-- Information given follows --

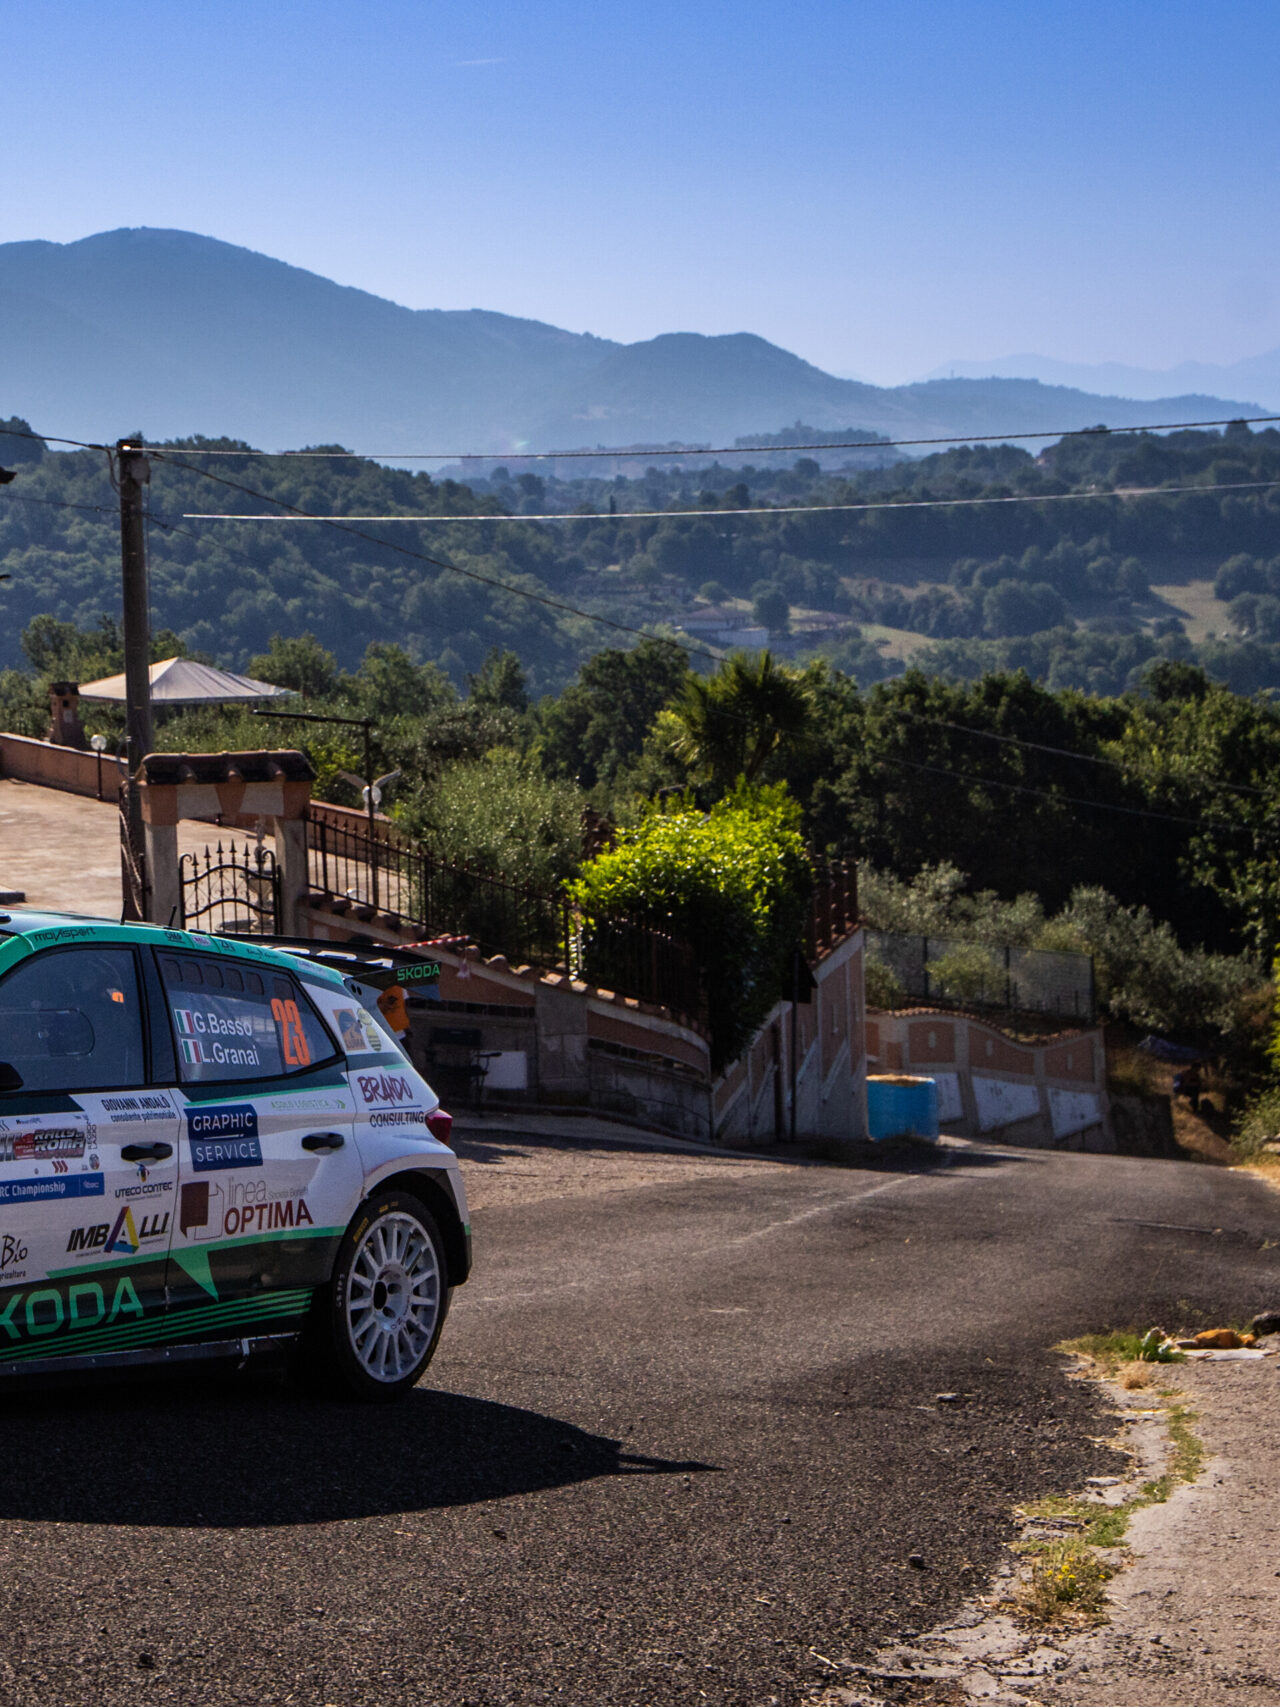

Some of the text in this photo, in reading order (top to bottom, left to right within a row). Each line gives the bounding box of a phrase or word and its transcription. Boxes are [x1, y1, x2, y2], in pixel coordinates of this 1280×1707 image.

[194, 1013, 252, 1036] G.Basso
[271, 999, 311, 1067] 23
[201, 1041, 260, 1066] L.Granai
[101, 1094, 171, 1111] GIOVANNI ANDALÒ
[357, 1074, 414, 1108] BRANDO
[193, 1112, 254, 1132] GRAPHIC
[370, 1110, 425, 1128] CONSULTING
[34, 1139, 84, 1151] ROMA
[35, 1128, 77, 1139] RALLY
[196, 1142, 258, 1163] SERVICE
[11, 1182, 66, 1196] Championship
[228, 1176, 267, 1206] linea
[224, 1199, 314, 1236] OPTIMA
[66, 1206, 170, 1254] IMBALLI
[0, 1233, 28, 1269] Bio

-- Information given concluded --

→ **Task brief**
Would you return all the data exactly as given, minus the pictures?

→ **Solution**
Some of the text in this photo, in reading order (top to bottom, left to right within a row). Each line gives the bounding box of a phrase or word and its transcription. Boxes are [x1, y1, x2, y2], in pixel coordinates of this 1280×1707 image.

[194, 1013, 252, 1036] G.Basso
[271, 999, 311, 1067] 23
[201, 1041, 260, 1066] L.Granai
[101, 1094, 171, 1111] GIOVANNI ANDALÒ
[357, 1074, 414, 1108] BRANDO
[193, 1112, 254, 1132] GRAPHIC
[370, 1110, 425, 1128] CONSULTING
[34, 1139, 84, 1151] ROMA
[35, 1128, 77, 1139] RALLY
[196, 1142, 258, 1163] SERVICE
[11, 1182, 66, 1196] Championship
[228, 1176, 267, 1206] linea
[224, 1199, 314, 1236] OPTIMA
[66, 1206, 170, 1254] IMBALLI
[0, 1233, 28, 1269] Bio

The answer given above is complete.